Liver fibrosis results from excessive extracellular matrix accumulation due to injury and leads to
cirrhosis,
cancer, and death. Herein, we propose a
chemokine receptor 4 (CXCR4)-targeted combination (CTC) liposomal
therapy to treat
carbon tetrachloride (CCl4)-induced
liver fibrosis in a mouse model. This study aims to combine small molecules such as
pirfenidone and
AMD3100 in a single nanoplatform to investigate their synergistic antifibrotic effects in a setting of CCl4-induced
liver fibrosis. CTC
liposomes (CTC lipo) were prepared using the thin-film hydration method. CTC lipo exhibited a spherical shape, and the particle size was recorded at the nanoscale which confirms its appropriateness for in vitro and in vivo applications. CTC lipo had good storage and serum stability.
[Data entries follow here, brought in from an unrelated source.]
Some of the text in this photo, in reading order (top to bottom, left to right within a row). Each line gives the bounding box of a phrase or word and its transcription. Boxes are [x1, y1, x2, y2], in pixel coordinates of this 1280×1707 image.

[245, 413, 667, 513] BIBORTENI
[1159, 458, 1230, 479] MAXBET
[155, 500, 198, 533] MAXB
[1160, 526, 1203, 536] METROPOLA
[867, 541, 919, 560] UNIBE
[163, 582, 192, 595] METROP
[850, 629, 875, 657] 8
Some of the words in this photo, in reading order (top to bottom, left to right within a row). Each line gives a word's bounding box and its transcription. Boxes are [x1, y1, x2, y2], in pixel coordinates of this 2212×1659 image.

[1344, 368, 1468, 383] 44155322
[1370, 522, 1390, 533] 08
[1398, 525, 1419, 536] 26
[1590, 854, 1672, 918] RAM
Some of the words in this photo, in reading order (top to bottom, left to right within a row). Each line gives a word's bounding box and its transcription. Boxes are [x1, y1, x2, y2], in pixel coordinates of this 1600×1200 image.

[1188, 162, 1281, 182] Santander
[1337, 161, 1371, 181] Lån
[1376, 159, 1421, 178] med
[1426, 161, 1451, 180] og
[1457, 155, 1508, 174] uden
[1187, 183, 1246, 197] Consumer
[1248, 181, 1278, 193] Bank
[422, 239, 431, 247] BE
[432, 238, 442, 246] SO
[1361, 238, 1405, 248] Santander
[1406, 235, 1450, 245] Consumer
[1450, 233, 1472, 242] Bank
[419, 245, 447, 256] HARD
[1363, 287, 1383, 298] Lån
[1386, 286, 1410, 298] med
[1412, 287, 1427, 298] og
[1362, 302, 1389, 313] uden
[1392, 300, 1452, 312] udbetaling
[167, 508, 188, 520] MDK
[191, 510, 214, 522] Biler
The entrapped drugs in CTC lipo showed reduced toxicity at higher concentrations. CTC lipo displayed CXCR4 mediated cell uptake and were internalized by caveolae-mediated endocytosis. CTC lipo showed CXCR4 targeting and stromal cell-derived factor 1α (SDF1-α)/CXCR4 axis blocking activity. CTC lipo reduced the elevated serum
aspartate aminotransferase (AST),
alanine transaminase (ALT), and
hydroxyproline (HYP) levels. The histological studies showed improved liver architecture and reduced
collagen deposition
after treatment.
Transforming growth factor β (TGFβ), alpha-smooth muscle actin (α-SMA), and
collagen I were elevated by CCl4 in comparison with the
Sham. Upon CTC liposomal treatment, the quantitative score for the elevated fibrotic
proteins such as TGFβ, α-SMA, and
collagen I was normalized. CTC lipo displayed significant downregulation of the upregulated TGFβ, α-SMA,
collagen I, and P-p38 expressions at the molecular level. The CXCR4 targeted
liposomes showed prolonged biodistribution at 24 h. Our findings indicated that CTC lipo might be an alternative antifibrotic
therapy that may offer new access to research and development. In a nutshell, the present study suggests that systemic administration of CTC lipo has efficient antifibrotic potential and deserves to be investigated for further clinical applications.